Segundo a Secretaria Municipal de Ordem Pública (Seop), as operações serão permanentes.

As ações contarão com apoio da Guarda Municipal, das forças estaduais de segurança e do Centro de Operações e Resiliência (COR).

Além das equipes nas ruas, a prefeitura utilizará drones, câmeras de monitoramento e informações de inteligência para identificar pontos considerados irregulares.

Também estão previstas apreensões de mercadorias sem comprovação de origem, combate a depósitos clandestinos e retirada de estruturas instaladas ilegalmente.

Comércio irregular e ocupação indevida do espaço público são apontados pela prefeitura como os principais alvos da operação.
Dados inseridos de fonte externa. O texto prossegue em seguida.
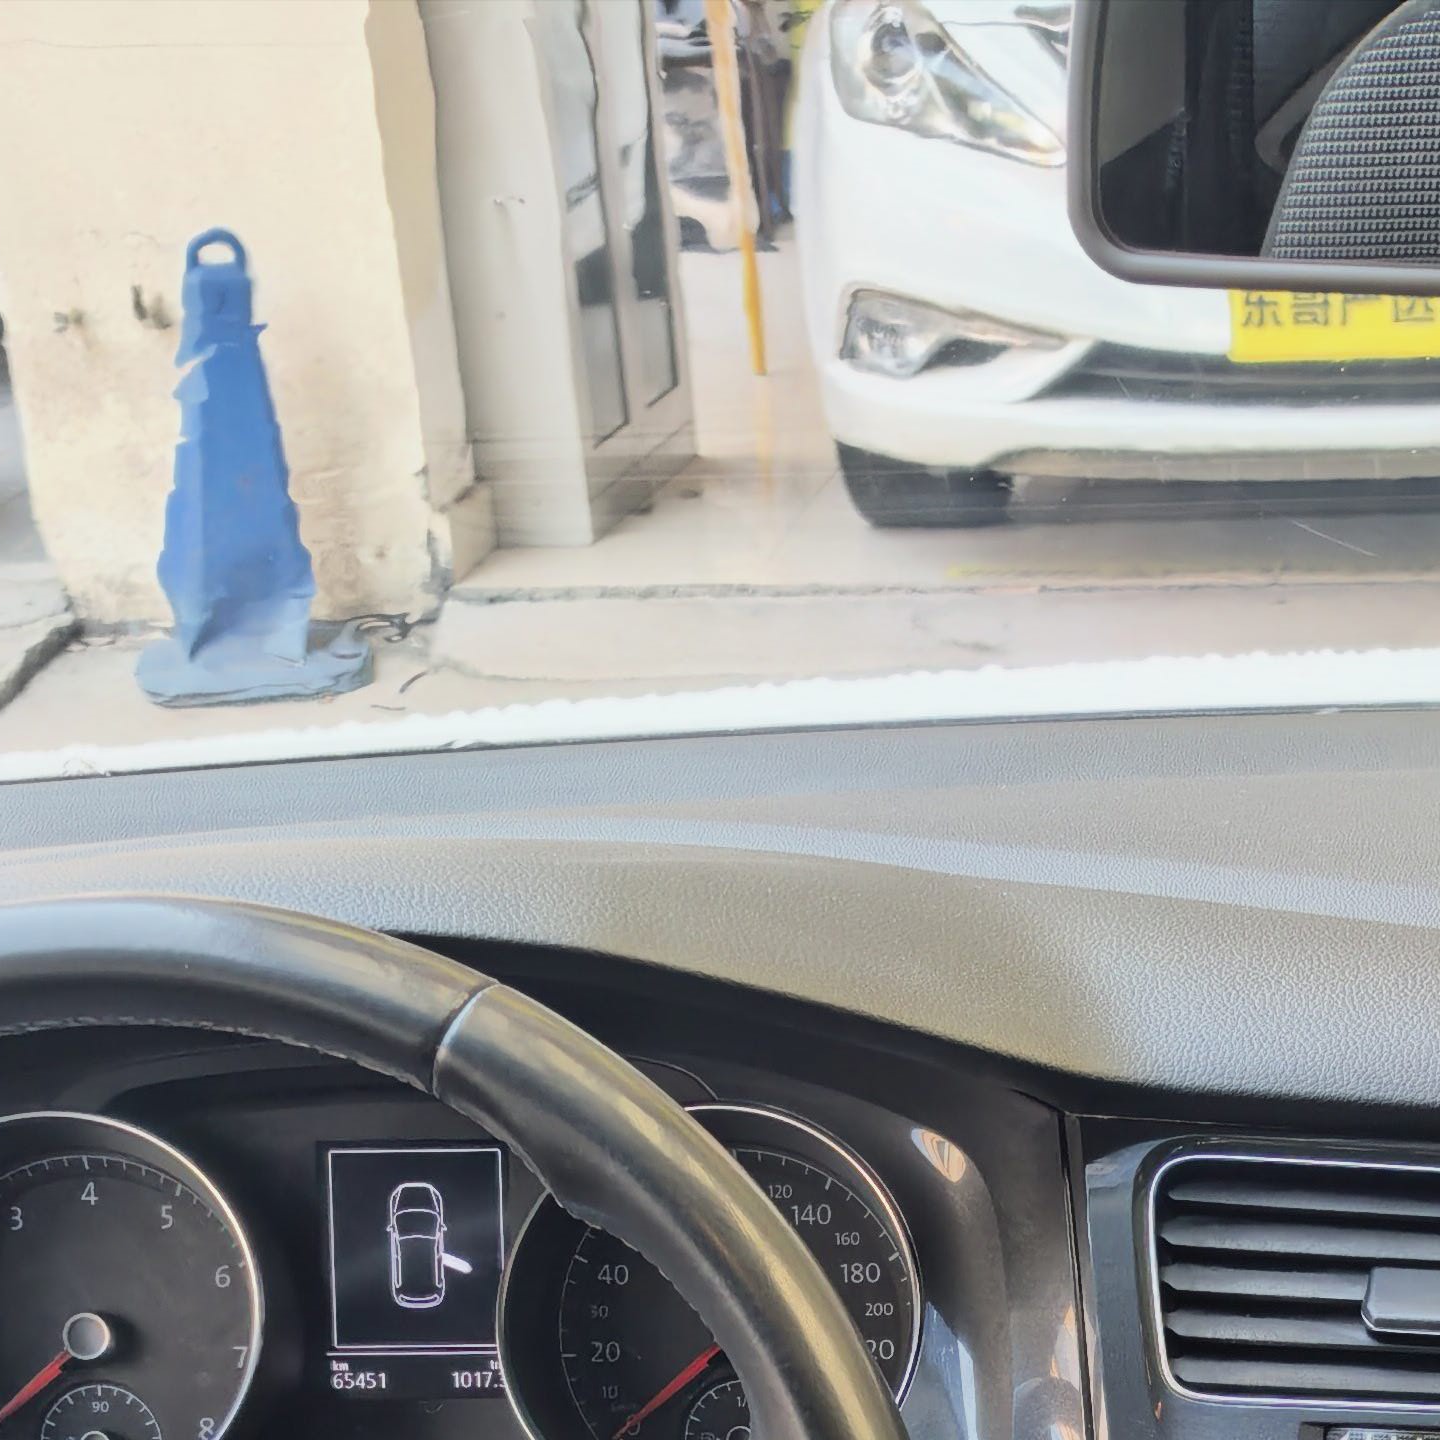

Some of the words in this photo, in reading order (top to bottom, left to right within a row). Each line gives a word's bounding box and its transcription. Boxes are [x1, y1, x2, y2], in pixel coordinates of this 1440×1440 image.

[81, 1182, 99, 1206] 4
[768, 1184, 793, 1199] 120
[9, 1206, 24, 1231] 3
[161, 1205, 174, 1230] 5
[791, 1204, 833, 1226] 140
[834, 1231, 861, 1247] 160
[215, 1265, 231, 1289] 6
[597, 1263, 630, 1286] 40
[840, 1262, 881, 1284] 180
[864, 1302, 894, 1317] 200
[232, 1346, 248, 1370] 7
[591, 1341, 621, 1363] 20
[866, 1339, 895, 1361] 20
[332, 1360, 349, 1371] km
[332, 1371, 387, 1389] 65451
[91, 1400, 110, 1414] 90
[198, 1417, 216, 1440] 8
Camelôs pedem regularização e mais diálogo

Os manifestantes afirmam que o problema não é a fiscalização, mas a falta de oportunidades para regularizar a atividade.

Marcos da Silva, ambulante em Copacabana há mais de duas décadas, disse nunca ter presenciado cobrança de taxas por traficantes ou milicianos para trabalhar no calçadão.

Camelôs protestam contra o Programa Tolerância Zero da Prefeitura do RioCamelôs protestam e cobram diálogo com a Prefeitura do Rio — Foto: Tomaz Silva/Agência Brasil

Segundo ele, associar toda a categoria ao crime organizado prejudica milhares de trabalhadores honestos.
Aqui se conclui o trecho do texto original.